Rescue workers were still digging down toward the buildings’ basement shelters this week. They could only estimate how many bodies might be inside. There is no hope of finding survivors six weeks after the air strikes that destroyed the apartment blocks.

During Centralna Street’s month of pain, death sometimes came suddenly to entire families at once. In other cases, individuals were found dead only after the Russian soldiers departed. In some cases it was unclear how or when residents died.

What makes the wanton violence inflicted on Borodyanka especially perplexing is that the town has no apparent military value. The nearby Kyiv suburbs of Bucha and Irpin were scenes of heavy fighting as Russian troops tried to capture the capital, before Moscow suddenly changed strategy and redeployed its forces for an offensive in the east of the country. Hostomel, another heavily damaged town, was targeted because of its strategic airport.

Borodyanka, meanwhile, appears to have been shot up at random. Residents say the first Russian military column encountered almost no resistance as it entered the town on Feb. 26. A second column that entered on Feb. 27 was met with Ukrainian fire, but the fighting was over quickly.

The Globe’s Mark MacKinnon reports from Borodyanka, one of the towns near Kyiv most heavily damaged by Russian attacks. Interviews with survivors suggest at least 65 were killed on one street alone with hundreds still missing after Russian forces withdrew.

The Globe and Mail

In the aftermath, the Russian forces in Borodyanka appeared on edge. They had lost comrades. A destroyed Russian armoured personnel carrier is wedged awkwardly inside the ruins of a hardware shop at 307 Centralna. A discarded Russian military uniform lies in a small pile of trash beside the building.
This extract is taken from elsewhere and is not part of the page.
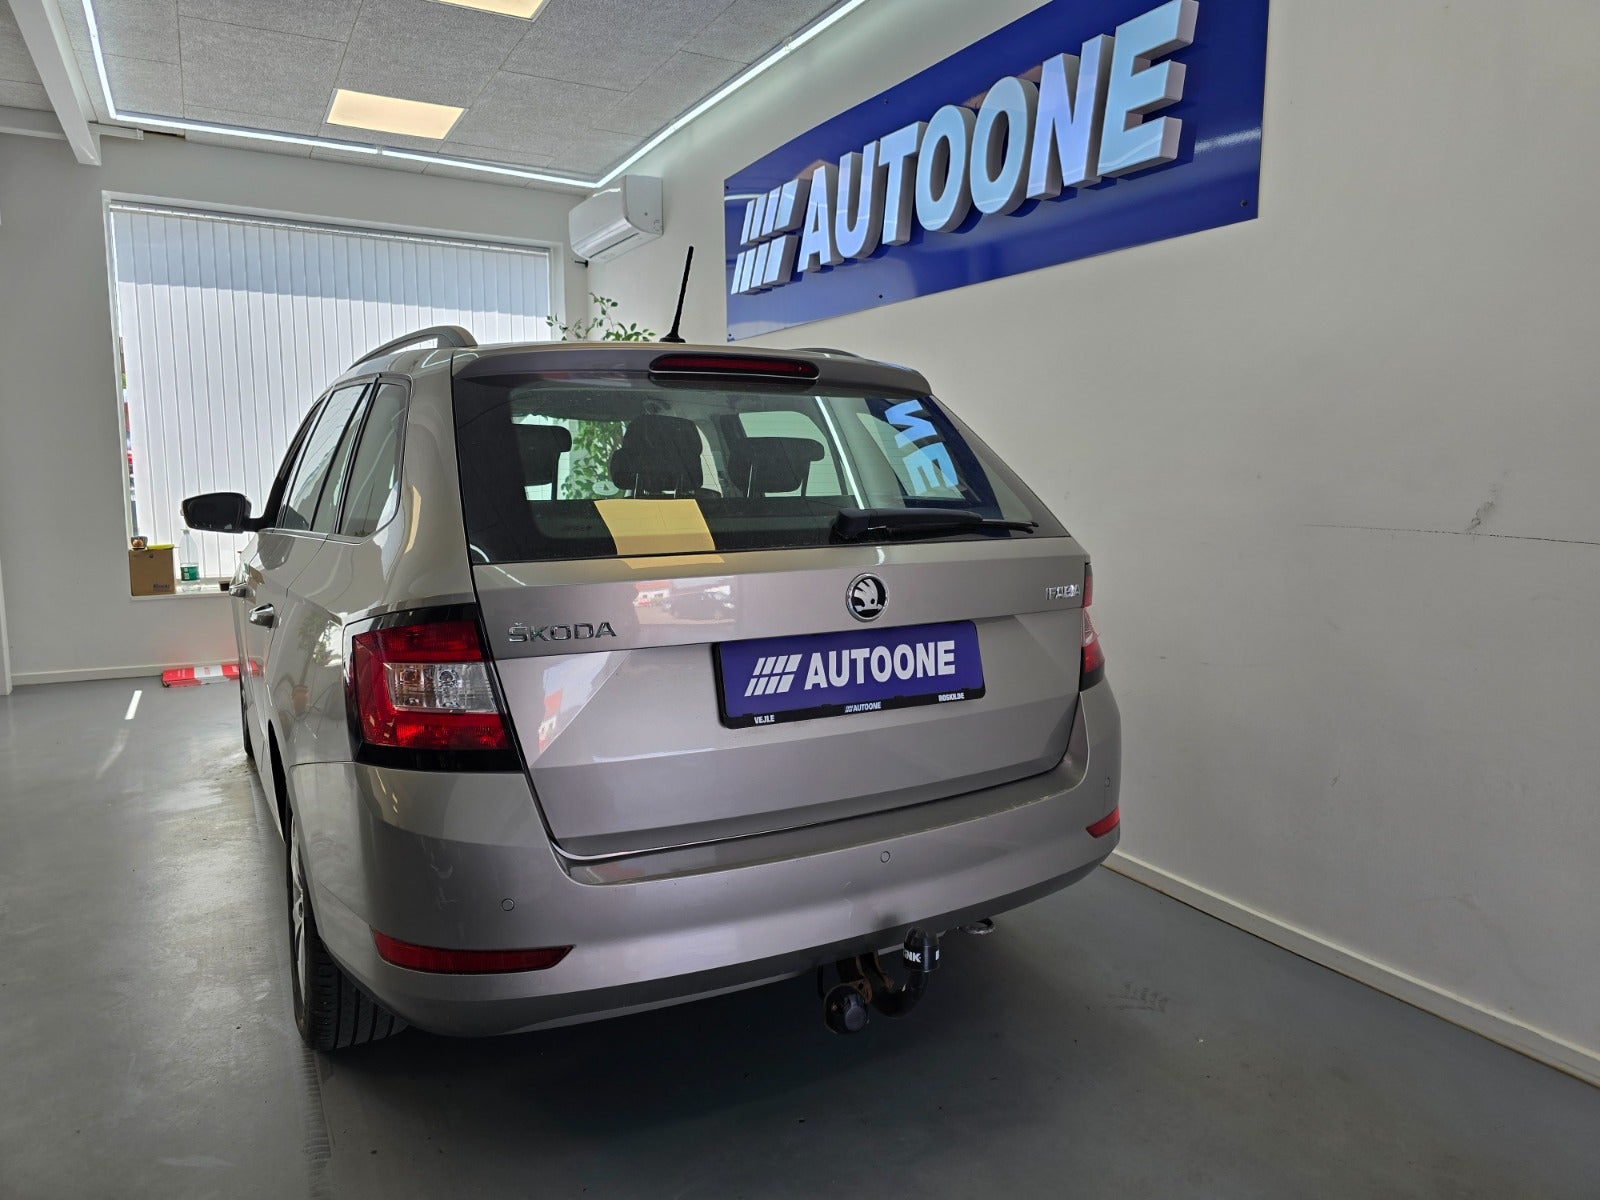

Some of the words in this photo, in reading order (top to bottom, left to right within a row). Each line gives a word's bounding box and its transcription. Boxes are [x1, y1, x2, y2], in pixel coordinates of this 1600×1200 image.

Residents say that, on Feb. 28, a column of Russian-armoured vehicles drove down Centralna, firing randomly into homes, which were largely empty because most residents had remained in their basement shelters since the first appearance of Russian troops.

The air strikes targeting the apartment blocks took place on March 1 and 2, as Russian forces were escalating their shelling of civilian areas of cities around Ukraine.

No one who lived on Centralna Street escaped completely unscathed. Along much of the road, it’s rare to see a home that wasn’t hit by small arms fire, or worse. Even if their homes were spared, residents had to survive on dwindling food, water and electricity, and endure humiliating mistreatment at the hands of the occupying army. Nearly every home appears to have been looted of food, alcohol, electronics and anything else the invading soldiers thought might be of value.

Numbers 1 and 1a Centralna, at the eastern edge of Borodyanka, are the side-by-side homes of Tatiana and Alexander Makienko, a couple with children, and Lydia Maksiuta, a grandmother. They survived the early days of the occupation by hiding, with 800 other local residents, in a psychiatric care home a short walk away.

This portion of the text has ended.